As a disclaimer I should say that I unequivocally reject the Genesis account with regard to its historical reliability. It's a made up myth designed to account for the origin of mankind, the unjustice and iniquity of the world, as well as our own mortality, that ever present, unvanquishable enemy. It's also an attempt to explain other more seeminly mundane things in comparison, such as why women suffer so much during labor, and why snakes don't have legs.
Yet, when attempting to interpret Hebrew scripture, I prefer to allow the text to speak for itself. I begin with the assumption that the text means what it says. Genesis is presented as a historical fact, complete with detailed geneologies. The idea that it's all allegorical is in my opinion nothing more than a pitiful attempt by apologists to dismiss the most easily verifiable historical inaccuracies of the bible, while still maintaining a basis for their belief in Jesus and all that jazz.

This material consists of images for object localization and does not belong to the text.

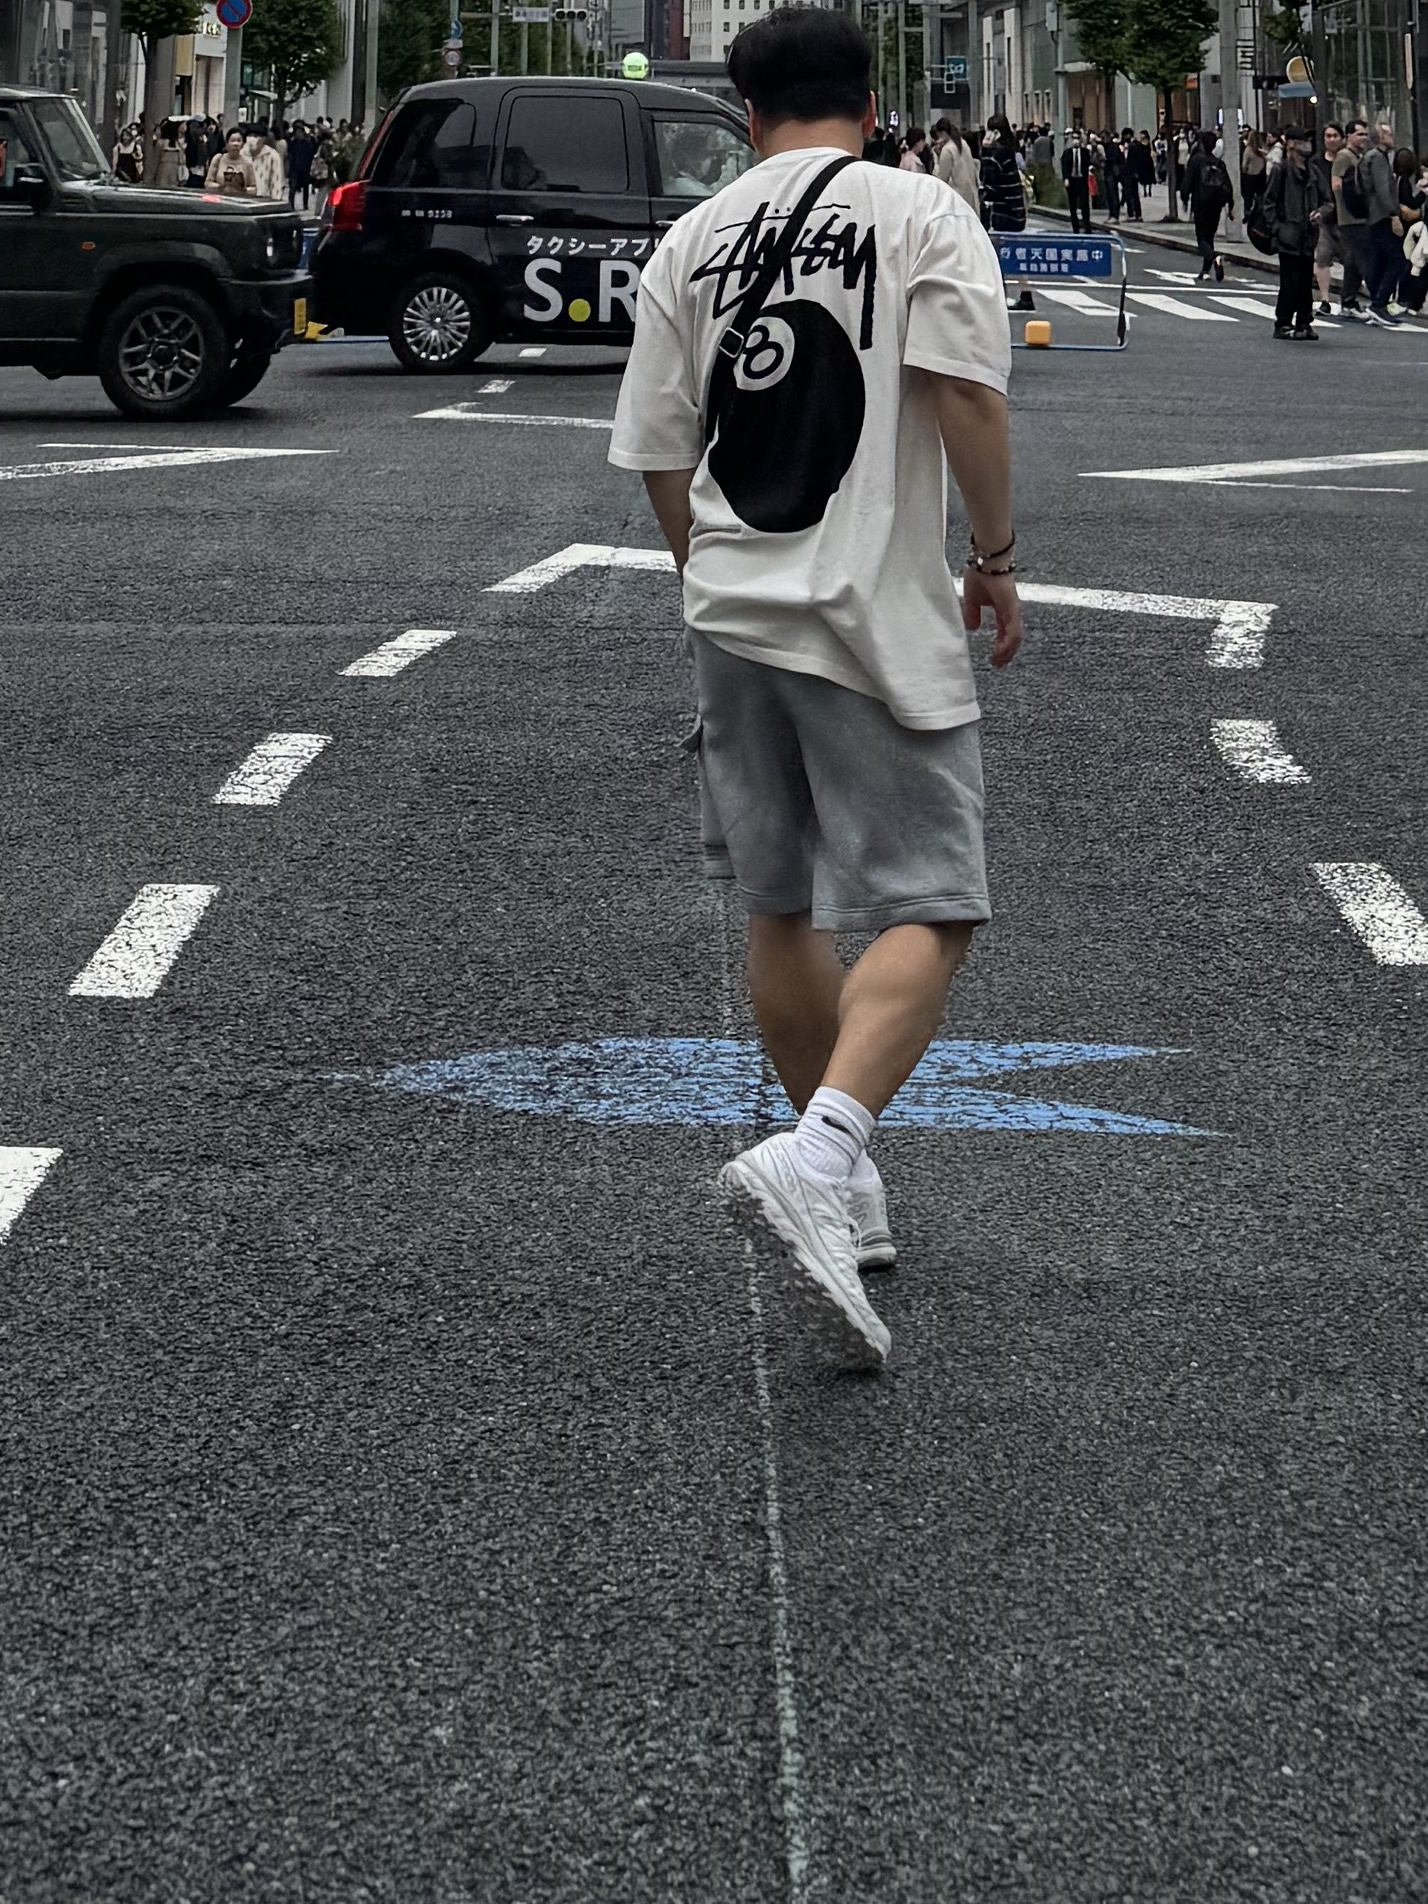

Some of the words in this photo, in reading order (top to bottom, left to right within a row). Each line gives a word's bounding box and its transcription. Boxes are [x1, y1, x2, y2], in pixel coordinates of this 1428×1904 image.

[526, 235, 661, 257] タクシーアプ
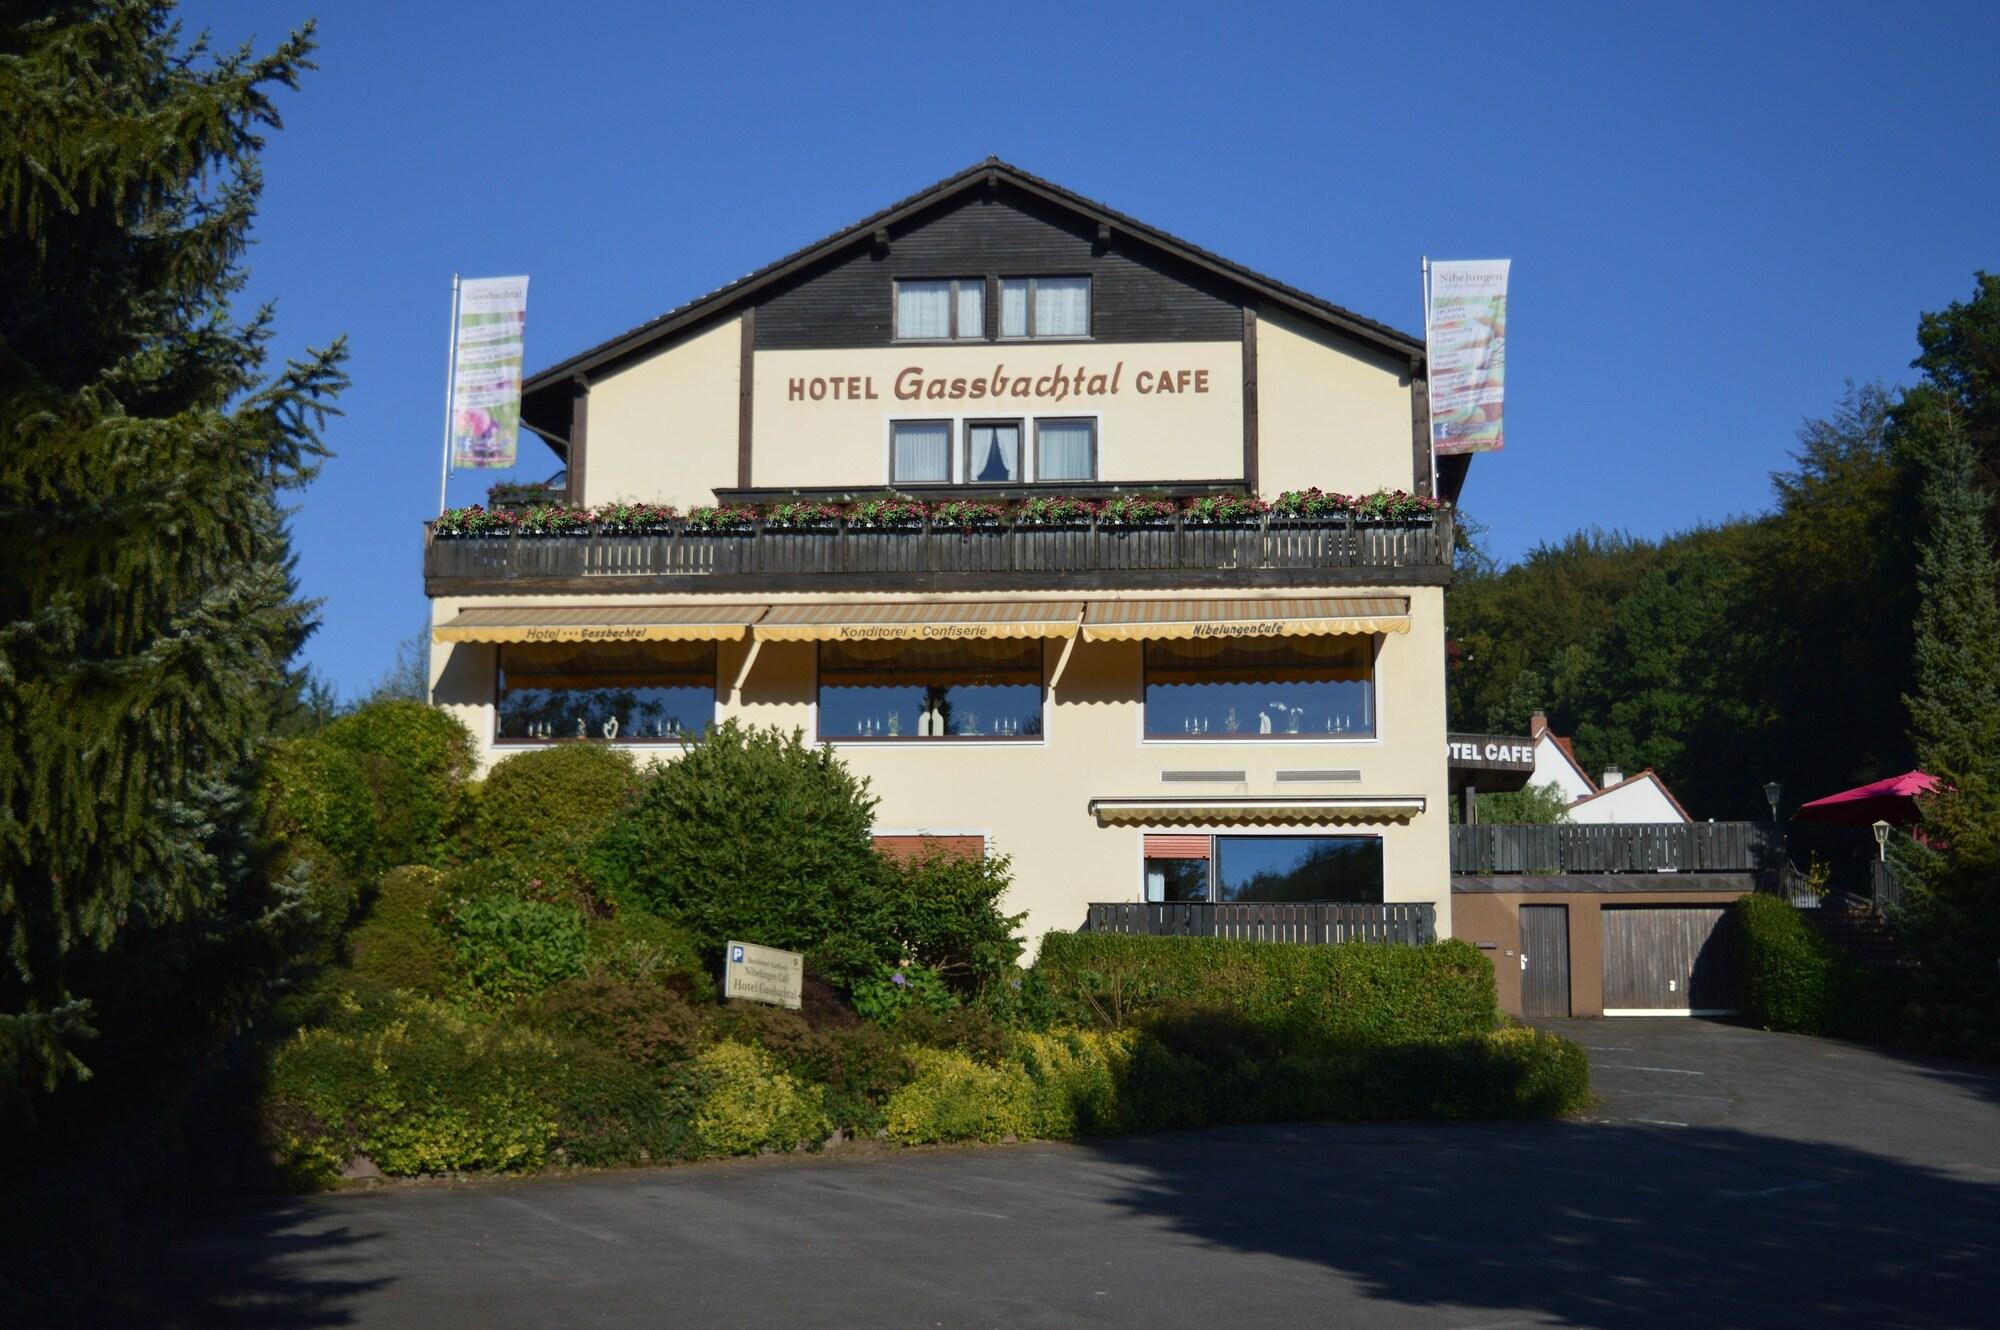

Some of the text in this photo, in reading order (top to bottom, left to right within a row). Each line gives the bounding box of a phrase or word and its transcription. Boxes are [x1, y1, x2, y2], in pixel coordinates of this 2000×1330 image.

[1440, 272, 1503, 284] Nibelungen
[788, 362, 1209, 402] HOTEL Gassbachtal CAFE
[526, 628, 560, 640] Hotel
[840, 625, 987, 638] Konditorei Confiserie
[1485, 743, 1532, 763] CAFE
[733, 948, 742, 961] P
[734, 979, 758, 993] Hotel

When Elohim (Gods or "THE God" (Hebrew used a plural to sometimes show the excellency or uncomparable nature of someone or something, much like we use the royal "We"). Others will argue that "Elohim" refers to a pantheon of gods, in the pre-monotheistic past of Judaism. I'm not sure who to believe on that one though.
Either way, I hardly believe this constitutes support for the Trinity doctrine. In the Hebrew Scriptures (Old Testament), it would appear that the Israelites had no concept of a person in heaven such as Jesus Christ. There is never any reference or even an inkling of an indication that they believed in or knew of a spirit person existing in heaven as the "only-begotten" Son of God. They did however, believe in the existence of myriads and myriads of Angels. They called them Angels, cherubs, seraphim, "sons of God", "sons of the Most High", "glorious ones", "morning stars", etc.
So, within the religious context, it is clear that the Hebrews never believed God to be all by himself up there in heaven. They thought of him as being among millions of other spirit persons. Hence, when he is obviously speaking to someone in heaven, the "US" would then be a reference to the angels. "Us" can be as many as two persons, or as much as a billion persons or infinitely many people. It certainly doesn't necesitate that "us" only refers to God and Jesus, or to God and two other members of a mythical Godhead.
When it talks about "them becoming like us, knowing good and bad"... I again allow the text to speak for itself. People, including JWs try to dismiss this quotation as figurative. They claim that the fruit offered no supernatural powers, but merely that the act of eating the fruit symbolized a decision made by Adam and Eve to alienate themselves from God. They espouse this view only to make the text conform to the more pragmatic mind of a modern reader. When Genesis was written, it was read and passed along by people who believed the earth was the center of the universe, that there was a metal dome encapsulating the planet, that the sun, moon, and stars were created after the earth, and that snakes could talk. These people believed in mythical, mystical, supernatural things such as sticks turning into snakes, women being turned into pillars of salt, talking donkeys, etc. In the case of the tree of the knowledge of good and bad, it would seem to be more than just a symbol. The text says that immediately after eating the fruit, their eyes were opened. It brought about a change in their pysche, in their self-awareness. Before eating of the tree, they were essentially like innocent children. They were not capable of evil, and they couldn't think independently of God. If God said something was bad, they like robots, would agree and feel that thing was bad also. They could not determine for themselves what was bad. They were entirely dependent on what God told them was good or bad.
Then they eat the fruit, and suddenly they're free thinking individuals, with their own tastes, and opinions on what was kosher or not. Poof! Just like that. The downside is that they no longer have God's super powerful spirit artificially sustaining their life indefinitely. That gets immediately cut off, and their biological, organic, fleshly body is allowed to undergo the natural degenerative aging process that all living, biological things experience. They're now doomed to die.
Up until this point, one might still try to claim that the eating of the fruit itself was not the cause of this change, but that the fruit tree was only a symbol for a more profound spiritual transformation. Yet, consider this. If eating the fruit meant nothing in itself, then why the rush by God to seal off access to the Tree of Life? Why was he so concerned about the tree if the tree didn't offer any powers of immorality, and was instead just a symbol? The answer is that according to the story, it did! If Adam and Eve had got their hands on the Tree of Life, they would've been both free of God, and immortal! That's something God would not allow. Their defiance could not go unpunished, and they had to be made an example of.
That's why I think the author(s) of Genesis intended for the fruit of both trees to be understood as literally confering powers upon man, rather than just symbols. That's what jumps out at you from reading the text.